GitHub - vikram7/beer-recommender: Beer recommendation engine based on collaborative filtering algorithm

BeerMatch is a beer recommendation engine based on machine learning methods and a collaborative filtering algorithm.

Here are some screenshots of BeerMatch

Similar Users:

Beer Recommendations:

Beer Reviews by User:

BeerMatch can be tried at the following URL: http://beermatch.herokuapp.com

Access to the extensive reviews from RateBeer which formed a large part of the database of this project could not have been possible without the assistance of Professor Julian McAuley of UCSD, who was was kind enough to share the data with me. More on his research around beer and recommendations can be found here: http://snap.stanford.edu/data/web-RateBeer.html

For the most up to date version of BeerMatch, you can also clone the repo down and try it out on your own machine.

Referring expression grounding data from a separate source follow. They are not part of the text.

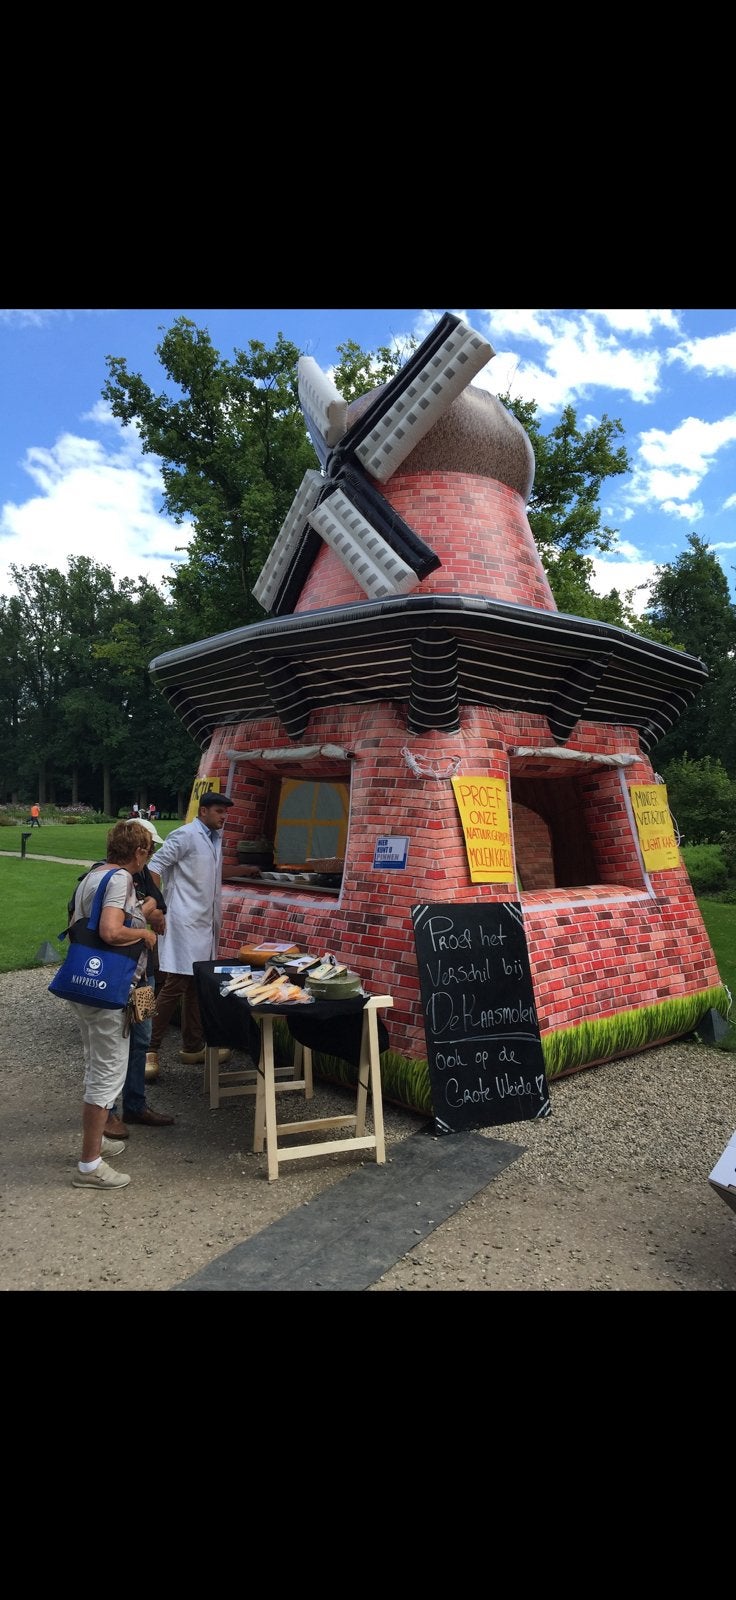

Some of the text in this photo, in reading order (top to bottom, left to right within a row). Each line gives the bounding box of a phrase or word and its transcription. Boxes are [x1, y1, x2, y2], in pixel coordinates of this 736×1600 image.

[459, 785, 502, 809] PROEF
[634, 790, 658, 808] MINDER
[469, 810, 498, 826] ONZE
[641, 837, 661, 852] LIGHT
[479, 924, 508, 946] het
[502, 958, 524, 980] bij
[72, 975, 99, 988] NAVPRESS
[475, 1051, 489, 1070] op
[498, 1045, 522, 1065] de
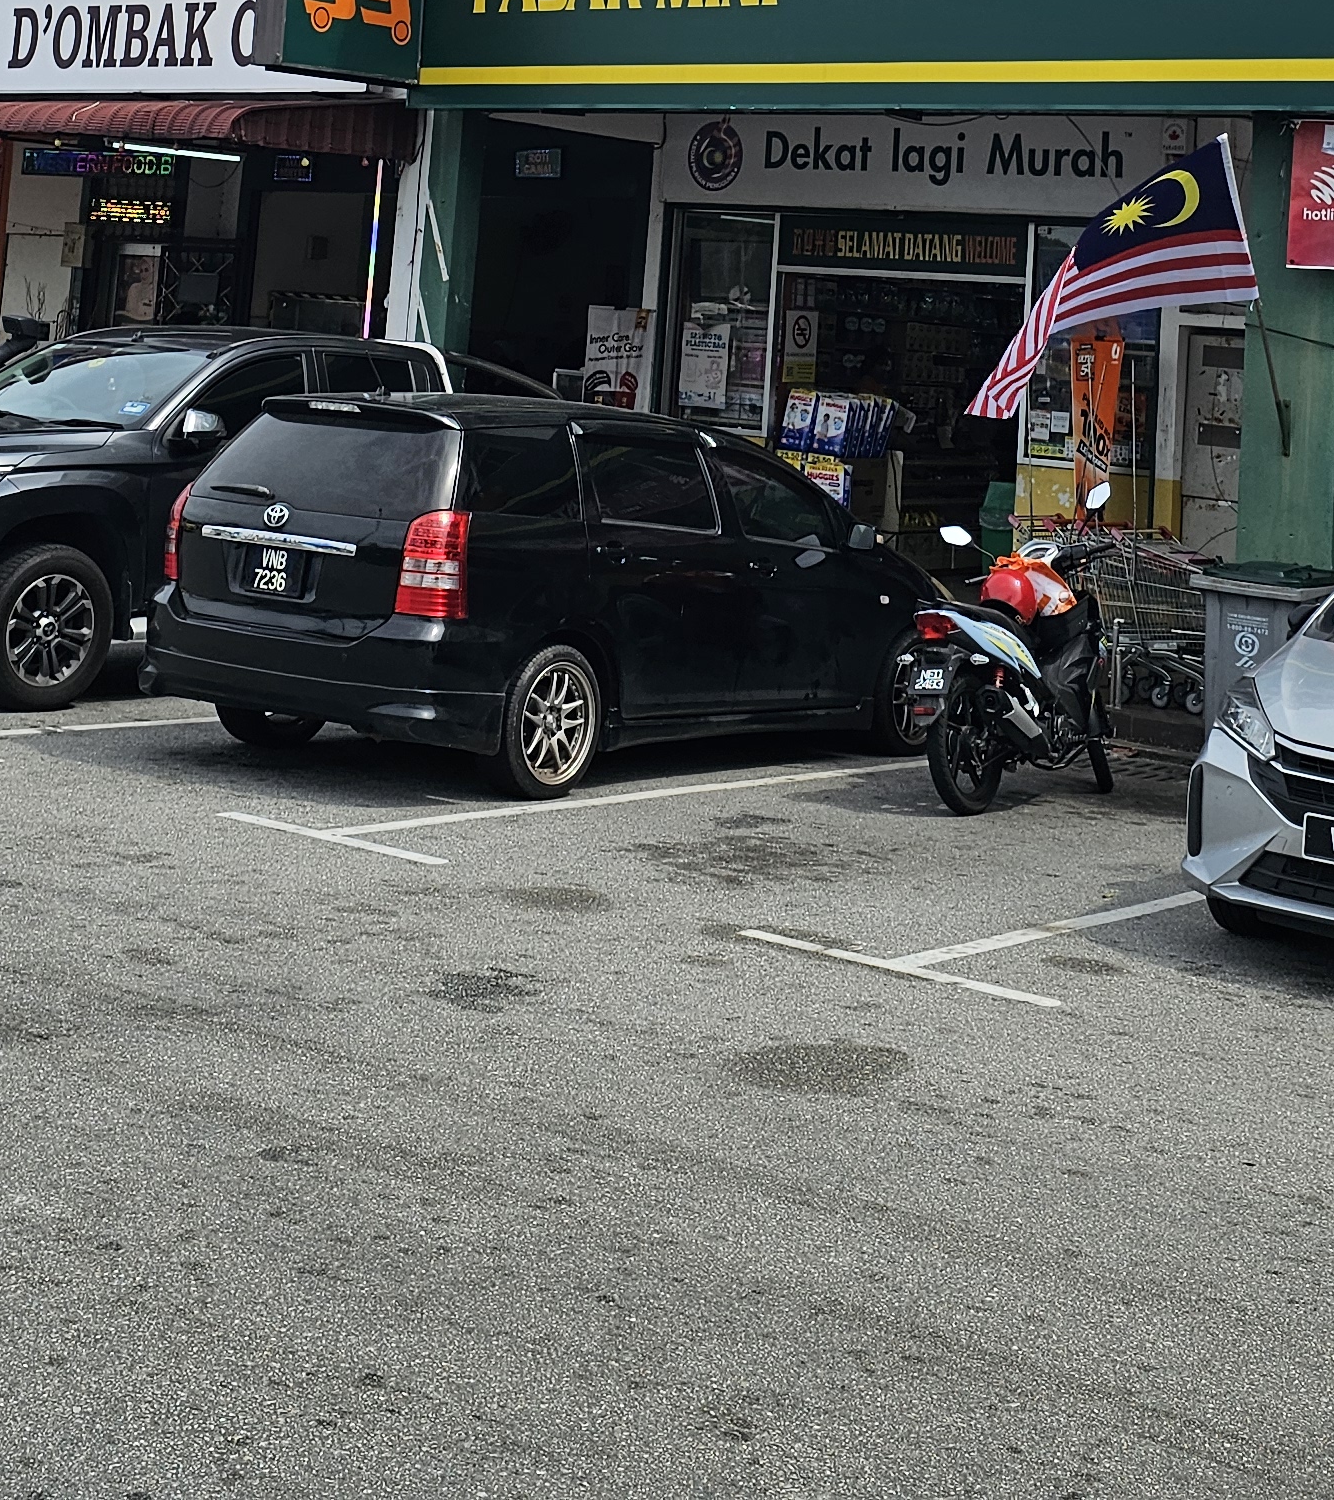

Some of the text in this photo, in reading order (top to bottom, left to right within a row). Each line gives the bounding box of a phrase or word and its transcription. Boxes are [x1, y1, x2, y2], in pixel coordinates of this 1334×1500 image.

git clone git@github.com:vikram7/beer-recommender.git
rake db:create
rake db:migrate

Note, please contact me directly as you will need access to the RateBeer data which the company has asked not to share publicly. After this, you can seed the database and produce relevant recommendations as noted below:

rake db:seed
rake dictionary:populate
rake beerid:populate

And then you're good to go!

Also, because there's a lot of information in this README, I thought a condensed version of technical challenges and highlights would be useful:

Determining the right algorithm to use for a recommendation engine. I went with Toby Segaran's 'Programming Collective Intelligence' and found some good guidance there on collaborative filtering.
Improving the runtime for the recommendation algorithm. Initially, I wrote it very functionally with unnecessary complexity. Spending time refactoring it got the runtime down from 3 hours to 3 minutes.
3 minutes for a recommendation was still too long, so by requiring a minimum similarity score between users, the runtime dropped to 19 seconds. Additionally, I found out that object instantiation in Ruby due to ActiveRecord was expensive, so replacing it with raw SQL brought down the runtime to a few seconds.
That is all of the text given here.